→ **Task goal**
Give back each record precisely, pictures excluded.

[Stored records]
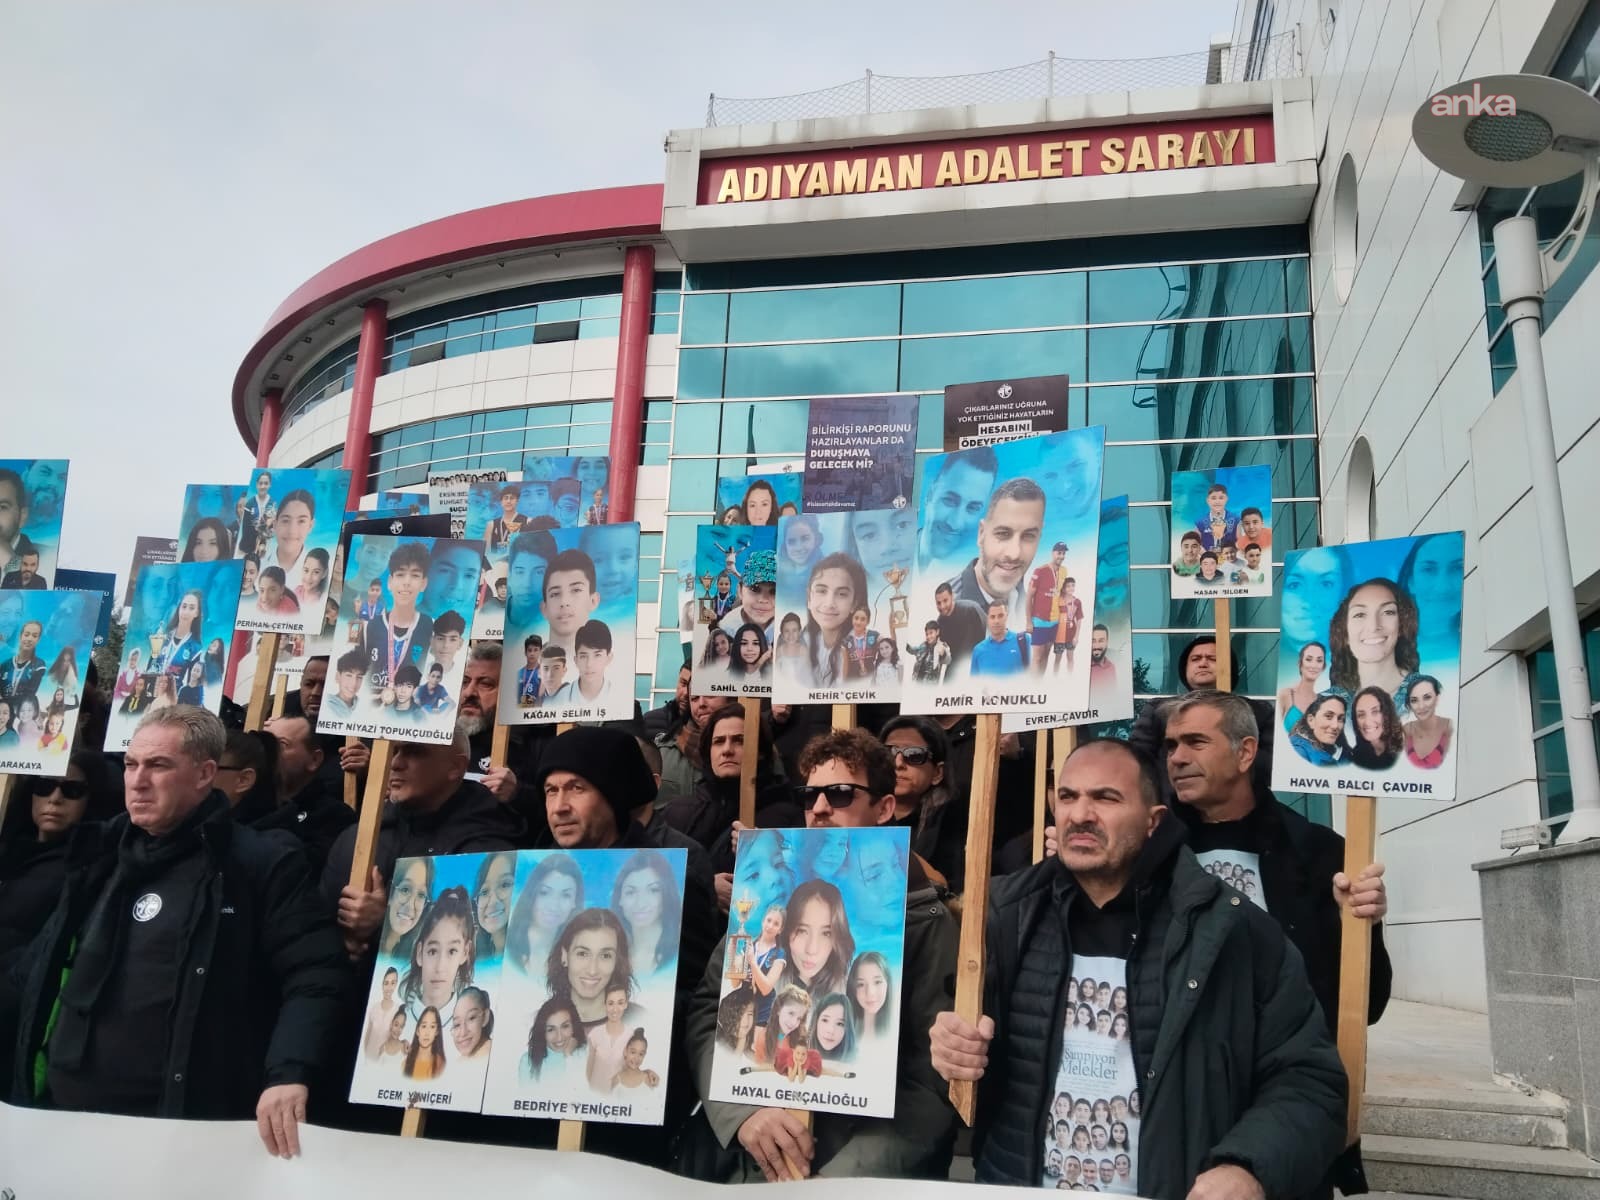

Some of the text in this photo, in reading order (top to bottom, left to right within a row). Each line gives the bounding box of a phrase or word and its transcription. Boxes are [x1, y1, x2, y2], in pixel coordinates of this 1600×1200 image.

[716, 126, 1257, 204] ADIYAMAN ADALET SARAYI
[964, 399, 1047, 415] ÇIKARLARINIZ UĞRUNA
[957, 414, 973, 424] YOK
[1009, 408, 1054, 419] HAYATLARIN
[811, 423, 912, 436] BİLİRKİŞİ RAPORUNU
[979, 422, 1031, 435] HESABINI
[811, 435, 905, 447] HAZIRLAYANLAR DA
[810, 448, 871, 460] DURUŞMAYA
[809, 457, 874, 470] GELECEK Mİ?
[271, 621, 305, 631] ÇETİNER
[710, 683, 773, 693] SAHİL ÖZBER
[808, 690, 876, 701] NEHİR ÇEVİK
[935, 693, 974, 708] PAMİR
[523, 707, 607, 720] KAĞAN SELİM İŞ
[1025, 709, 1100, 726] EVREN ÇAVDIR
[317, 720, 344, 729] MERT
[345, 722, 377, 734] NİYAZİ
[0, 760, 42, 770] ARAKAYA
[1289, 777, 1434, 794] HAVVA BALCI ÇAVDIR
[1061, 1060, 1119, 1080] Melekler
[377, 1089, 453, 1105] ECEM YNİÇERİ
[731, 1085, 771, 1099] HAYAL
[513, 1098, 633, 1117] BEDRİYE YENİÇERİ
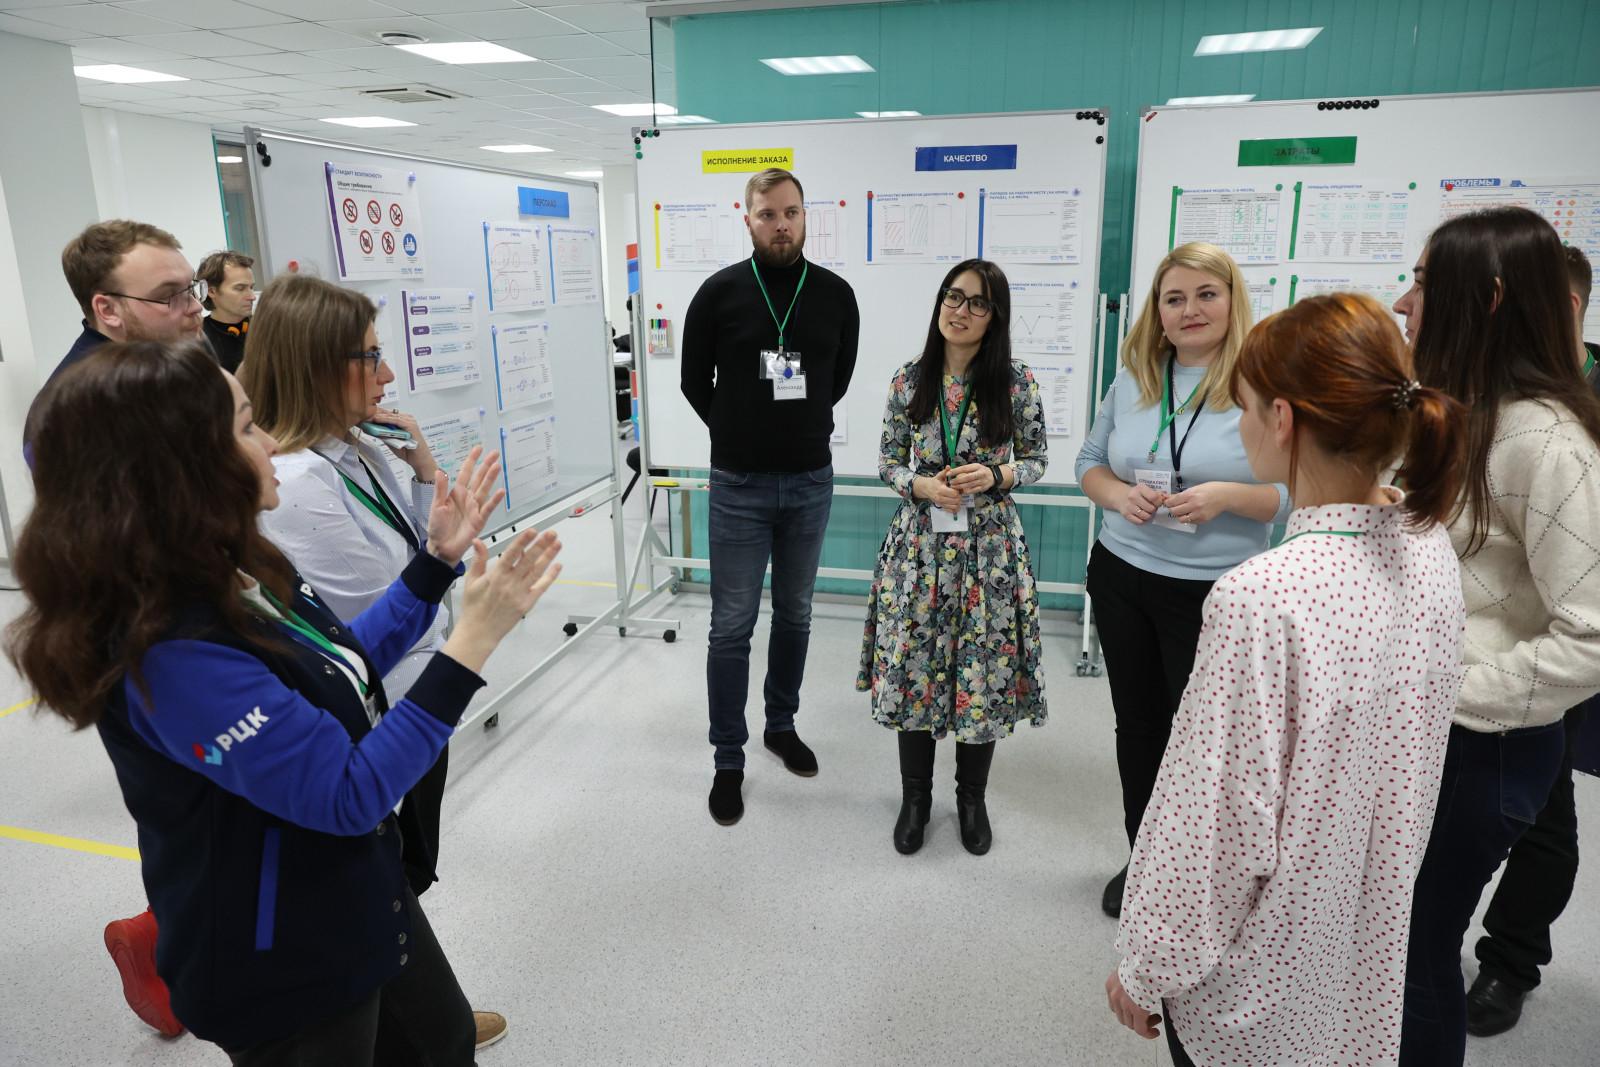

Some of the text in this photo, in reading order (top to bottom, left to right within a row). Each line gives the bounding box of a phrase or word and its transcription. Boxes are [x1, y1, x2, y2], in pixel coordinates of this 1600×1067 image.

→ **The completed task**
Some of the text in this photo, in reading order (top to bottom, left to right within a row). Each line gives the bounding box of a phrase or word and its transcription. Boxes are [x1, y1, x2, y2], in pixel coordinates of this 1600×1200 image.

[716, 126, 1257, 204] ADIYAMAN ADALET SARAYI
[964, 399, 1047, 415] ÇIKARLARINIZ UĞRUNA
[957, 414, 973, 424] YOK
[1009, 408, 1054, 419] HAYATLARIN
[811, 423, 912, 436] BİLİRKİŞİ RAPORUNU
[979, 422, 1031, 435] HESABINI
[811, 435, 905, 447] HAZIRLAYANLAR DA
[810, 448, 871, 460] DURUŞMAYA
[809, 457, 874, 470] GELECEK Mİ?
[271, 621, 305, 631] ÇETİNER
[710, 683, 773, 693] SAHİL ÖZBER
[808, 690, 876, 701] NEHİR ÇEVİK
[935, 693, 974, 708] PAMİR
[523, 707, 607, 720] KAĞAN SELİM İŞ
[1025, 709, 1100, 726] EVREN ÇAVDIR
[317, 720, 344, 729] MERT
[345, 722, 377, 734] NİYAZİ
[0, 760, 42, 770] ARAKAYA
[1289, 777, 1434, 794] HAVVA BALCI ÇAVDIR
[1061, 1060, 1119, 1080] Melekler
[377, 1089, 453, 1105] ECEM YNİÇERİ
[731, 1085, 771, 1099] HAYAL
[513, 1098, 633, 1117] BEDRİYE YENİÇERİ

Some of the text in this photo, in reading order (top to bottom, left to right within a row). Each line gives the bounding box of a phrase or word and its transcription. Boxes are [x1, y1, x2, y2], in pixel coordinates of this 1600×1067 image.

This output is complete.